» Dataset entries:
◆ ◆ ◆ ◆ ◆ ◆ ◆

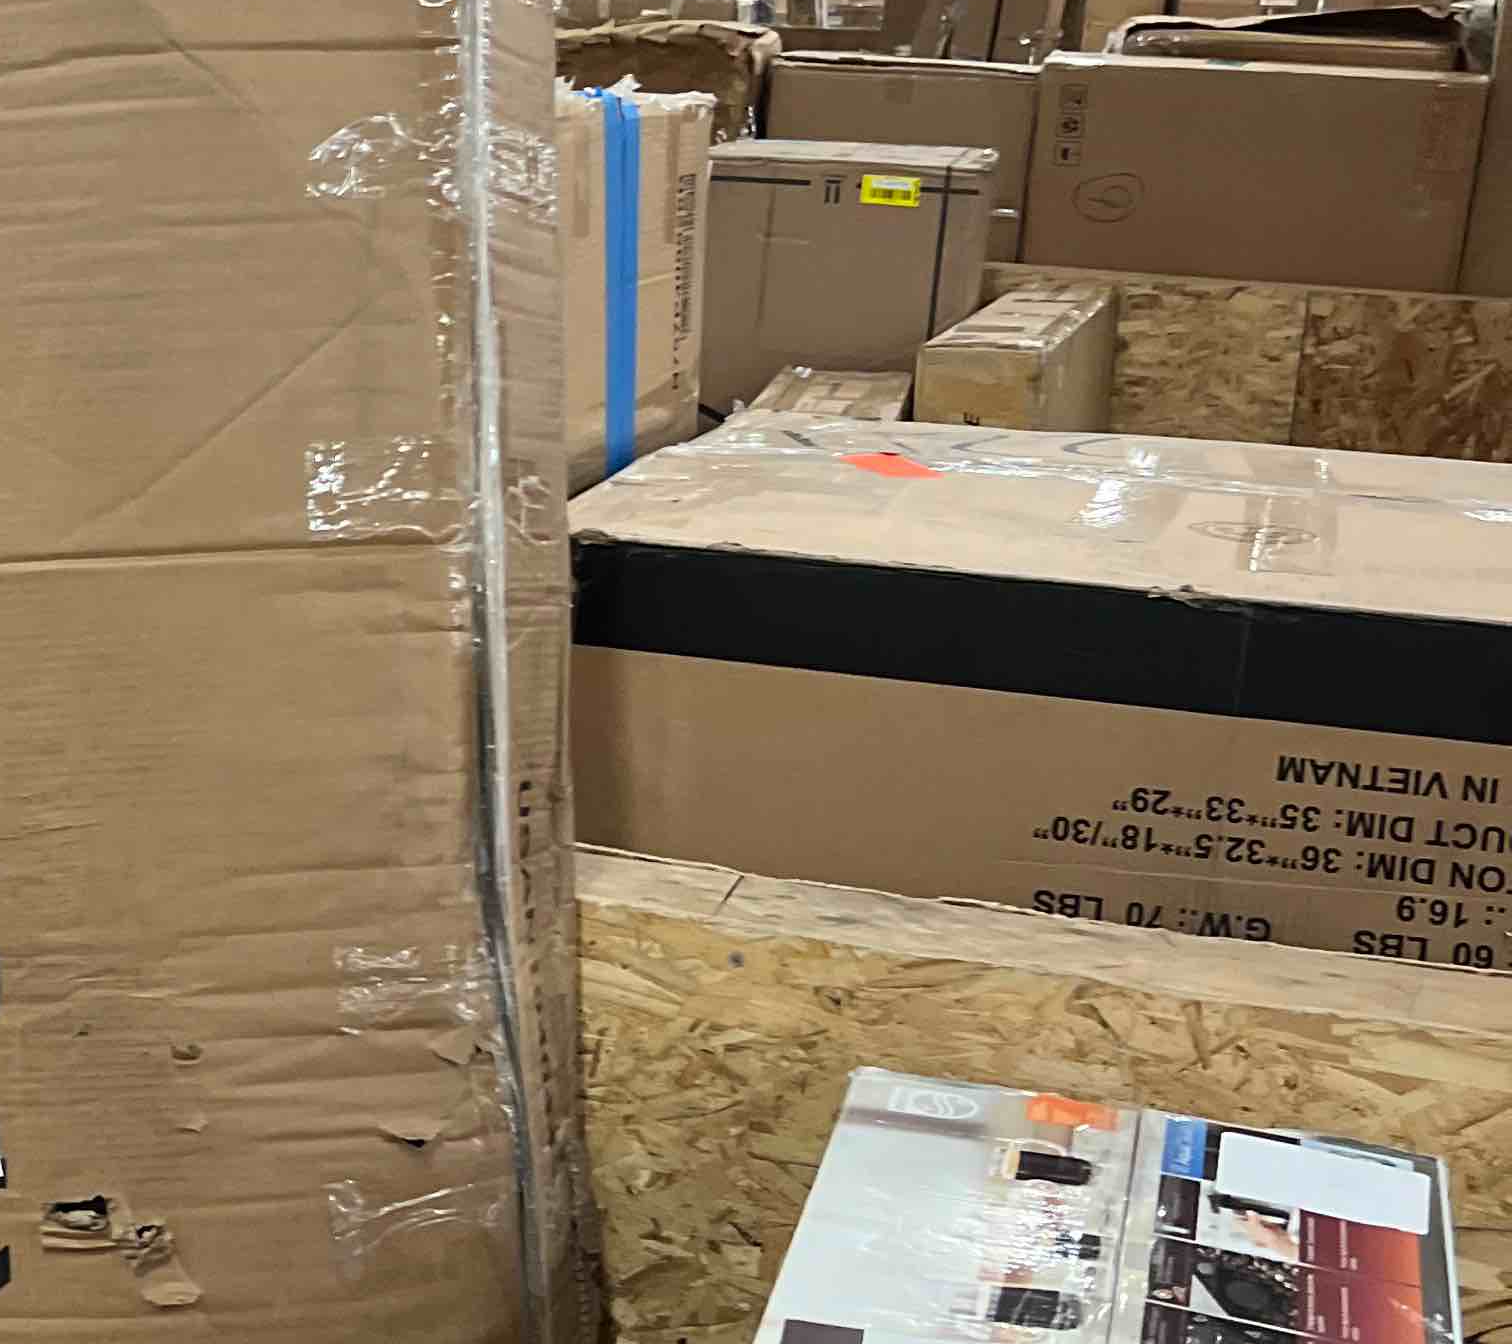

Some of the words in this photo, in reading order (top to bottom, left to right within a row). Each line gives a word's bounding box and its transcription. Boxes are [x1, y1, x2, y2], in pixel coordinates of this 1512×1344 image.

[1275, 755, 1448, 801] VIETNAM
[1462, 774, 1499, 804] IN
[1335, 810, 1413, 844] DIM:
[1425, 821, 1512, 855] UCT
[1356, 851, 1434, 886] DIM:
[1031, 889, 1104, 922] LBS
[1125, 902, 1164, 929] 70
[1396, 895, 1468, 929] 16.9
[1353, 930, 1428, 960] LBS
[1453, 943, 1494, 969] 60

◆ ◆ ◆ ◆ ◆ ◆ ◆

» EXERCISE BRIEF: Output nothing but the records, word for word, and none of their pictures.

» TASK RESULT:
Some of the words in this photo, in reading order (top to bottom, left to right within a row). Each line gives a word's bounding box and its transcription. Boxes are [x1, y1, x2, y2], in pixel coordinates of this 1512×1344 image.

[1275, 755, 1448, 801] VIETNAM
[1462, 774, 1499, 804] IN
[1335, 810, 1413, 844] DIM:
[1425, 821, 1512, 855] UCT
[1356, 851, 1434, 886] DIM:
[1031, 889, 1104, 922] LBS
[1125, 902, 1164, 929] 70
[1396, 895, 1468, 929] 16.9
[1353, 930, 1428, 960] LBS
[1453, 943, 1494, 969] 60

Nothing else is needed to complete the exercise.